• Your instructions: Pictures stay out of your copy, but everything else in the records below must be repeated exactly.
━━━━━━━━━━━━━━━━
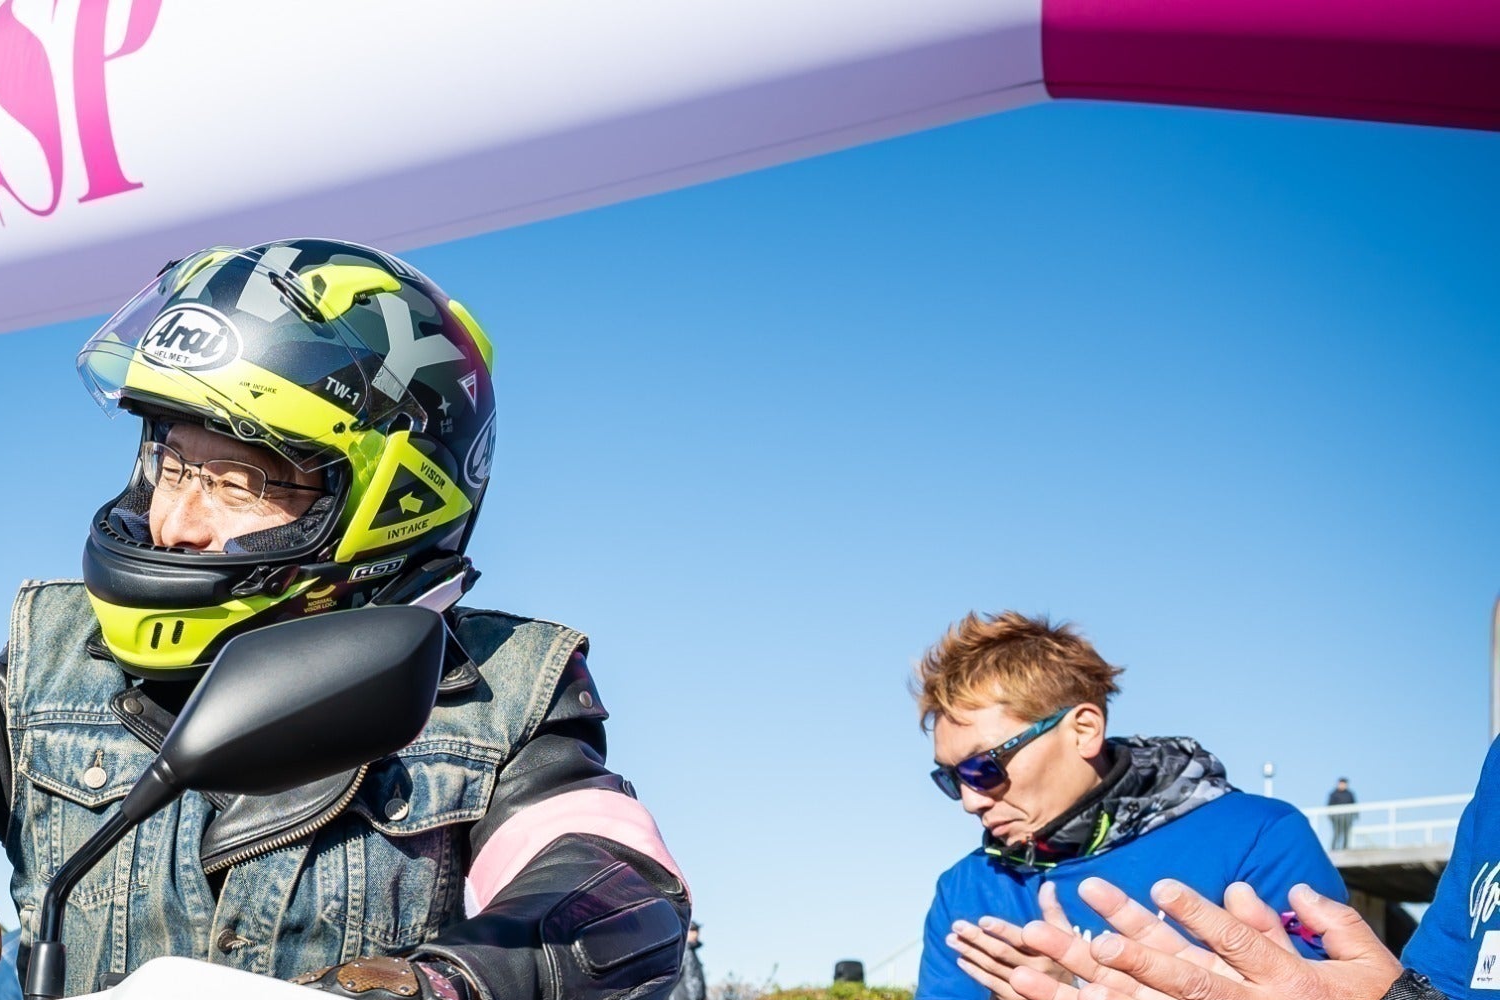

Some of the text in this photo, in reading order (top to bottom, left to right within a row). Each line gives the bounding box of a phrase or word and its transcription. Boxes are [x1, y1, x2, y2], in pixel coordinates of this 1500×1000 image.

[142, 312, 228, 358] Arai
[154, 349, 190, 364] HELMET
[325, 376, 360, 406] TW-1
[420, 461, 446, 490] VISOR
[387, 519, 430, 540] INTAKE
━━━━━━━━━━━━━━━━
• Exercise solution:
Some of the text in this photo, in reading order (top to bottom, left to right within a row). Each line gives the bounding box of a phrase or word and its transcription. Boxes are [x1, y1, x2, y2], in pixel coordinates of this 1500×1000 image.

[142, 312, 228, 358] Arai
[154, 349, 190, 364] HELMET
[325, 376, 360, 406] TW-1
[420, 461, 446, 490] VISOR
[387, 519, 430, 540] INTAKE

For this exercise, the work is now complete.